[TASK ITEM]: Each record below is to be output unchanged, and any picture is to be dropped.

[INPUT MATERIAL]:

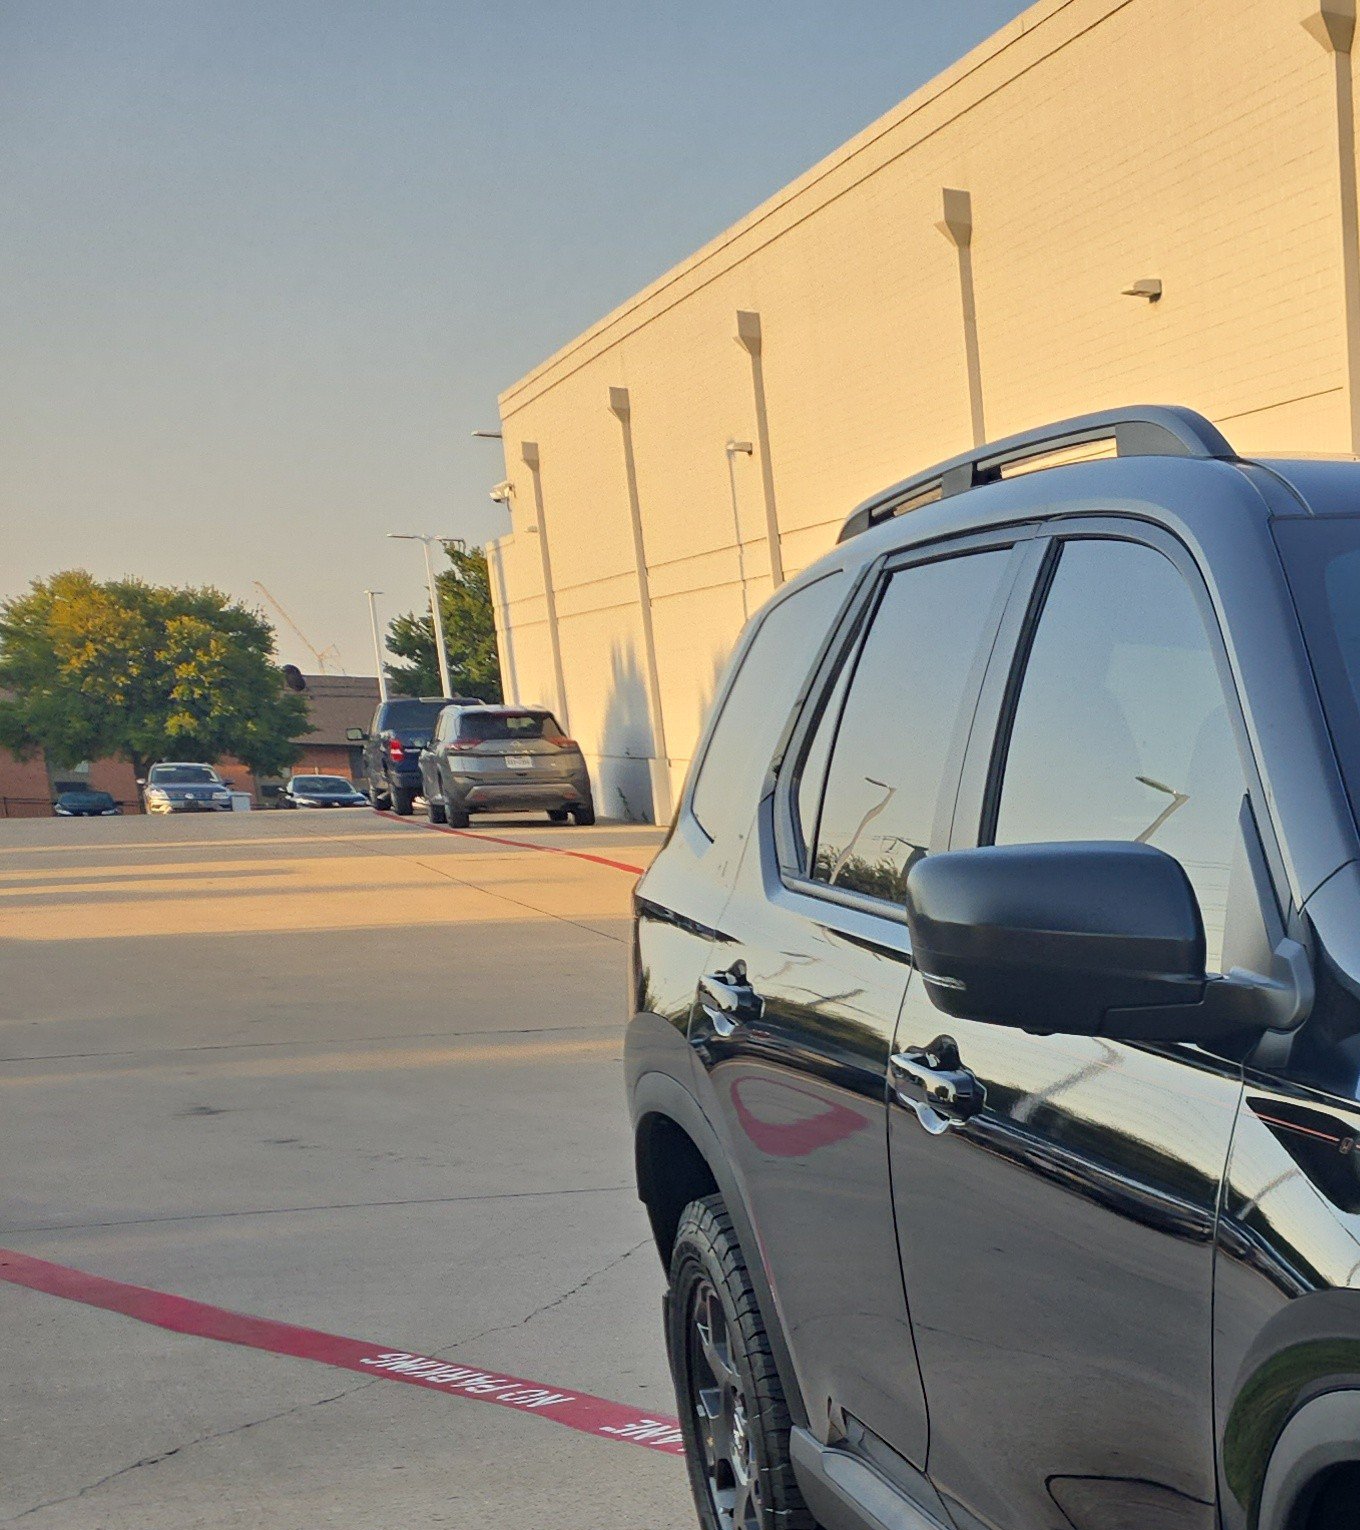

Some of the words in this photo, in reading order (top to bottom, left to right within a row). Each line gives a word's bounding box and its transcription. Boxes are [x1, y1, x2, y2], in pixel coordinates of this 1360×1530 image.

[360, 1353, 522, 1394] PARKING
[496, 1389, 576, 1407] NO
[600, 1419, 685, 1452] ANE
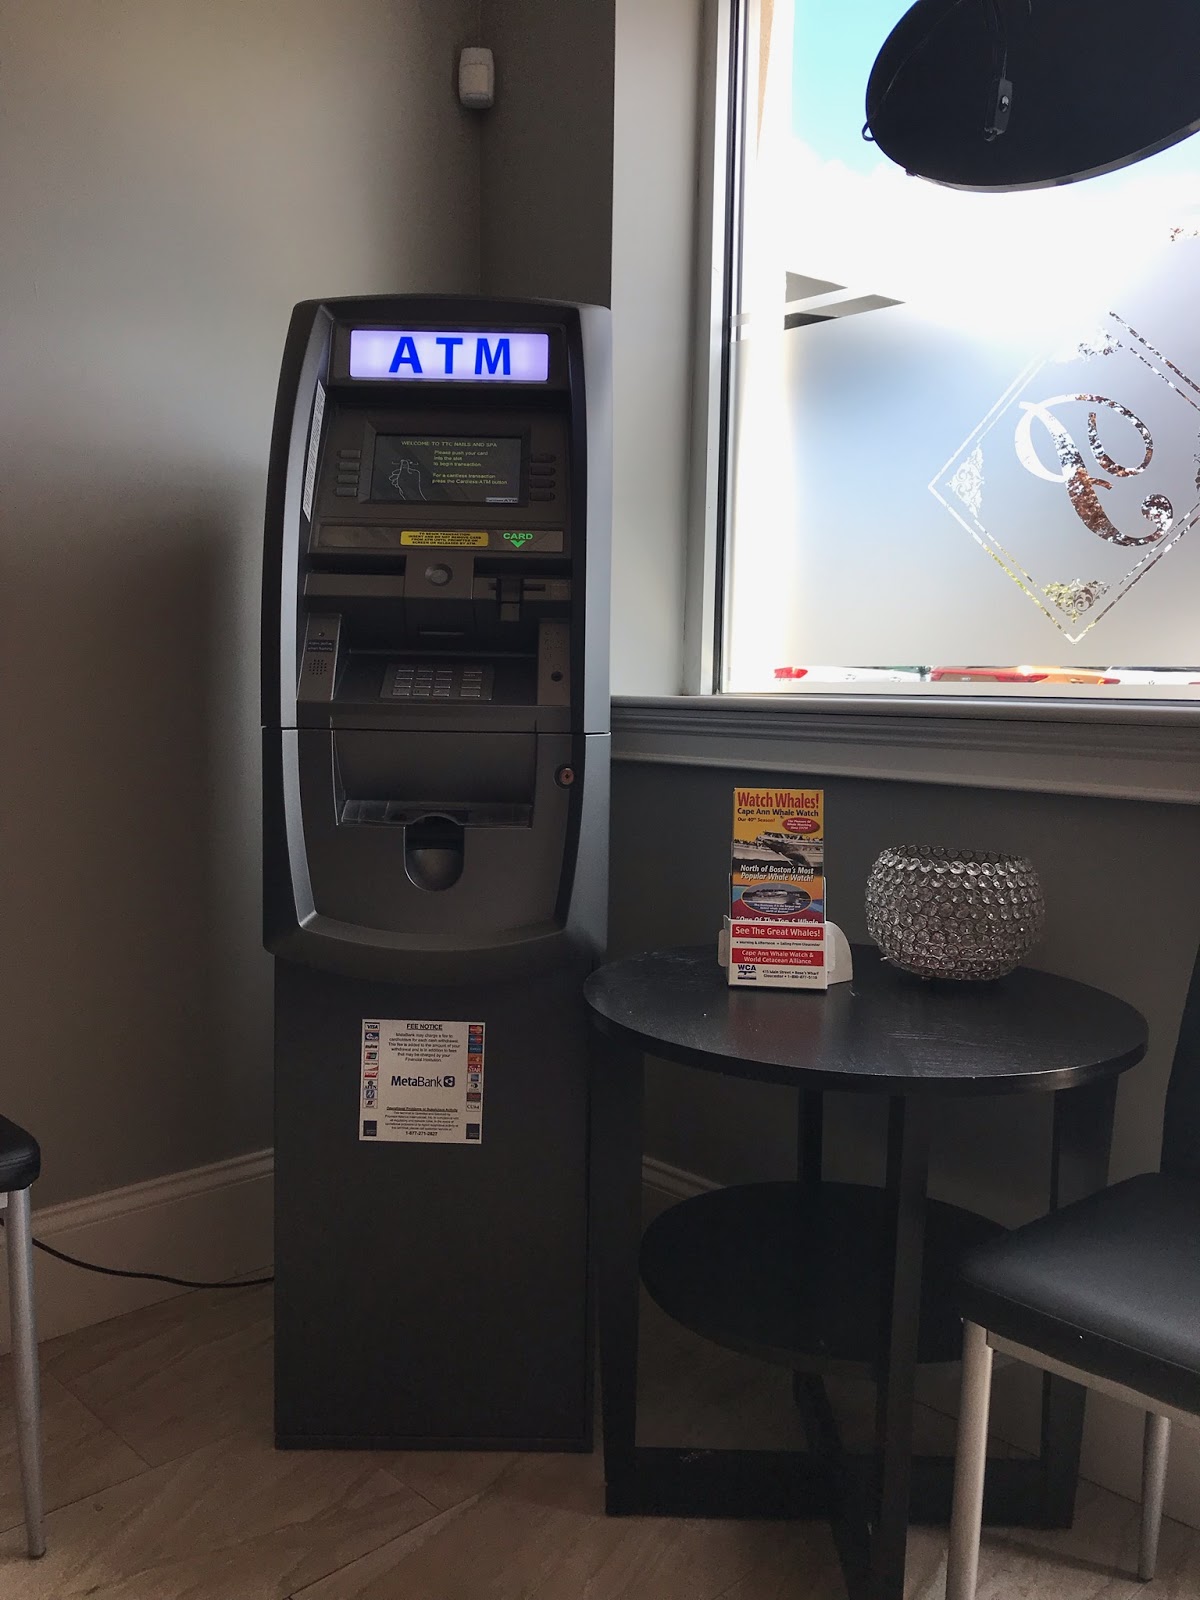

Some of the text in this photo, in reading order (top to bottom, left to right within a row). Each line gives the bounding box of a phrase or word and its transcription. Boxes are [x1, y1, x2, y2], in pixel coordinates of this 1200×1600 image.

[389, 336, 511, 376] ATM
[503, 532, 534, 540] CARD
[738, 792, 819, 809] Watch Whales!
[738, 808, 754, 816] Cape
[741, 872, 767, 881] Popular
[391, 1076, 443, 1087] MetaBank

[EXERCISE RESULT]:
Some of the words in this photo, in reading order (top to bottom, left to right within a row). Each line gives a word's bounding box and its transcription. Boxes are [x1, y1, x2, y2], in pixel coordinates of this 1360×1530 image.

[360, 1353, 522, 1394] PARKING
[496, 1389, 576, 1407] NO
[600, 1419, 685, 1452] ANE

Some of the text in this photo, in reading order (top to bottom, left to right within a row). Each line gives the bounding box of a phrase or word and its transcription. Boxes are [x1, y1, x2, y2], in pixel coordinates of this 1200×1600 image.

[389, 336, 511, 376] ATM
[503, 532, 534, 540] CARD
[738, 792, 819, 809] Watch Whales!
[738, 808, 754, 816] Cape
[741, 872, 767, 881] Popular
[391, 1076, 443, 1087] MetaBank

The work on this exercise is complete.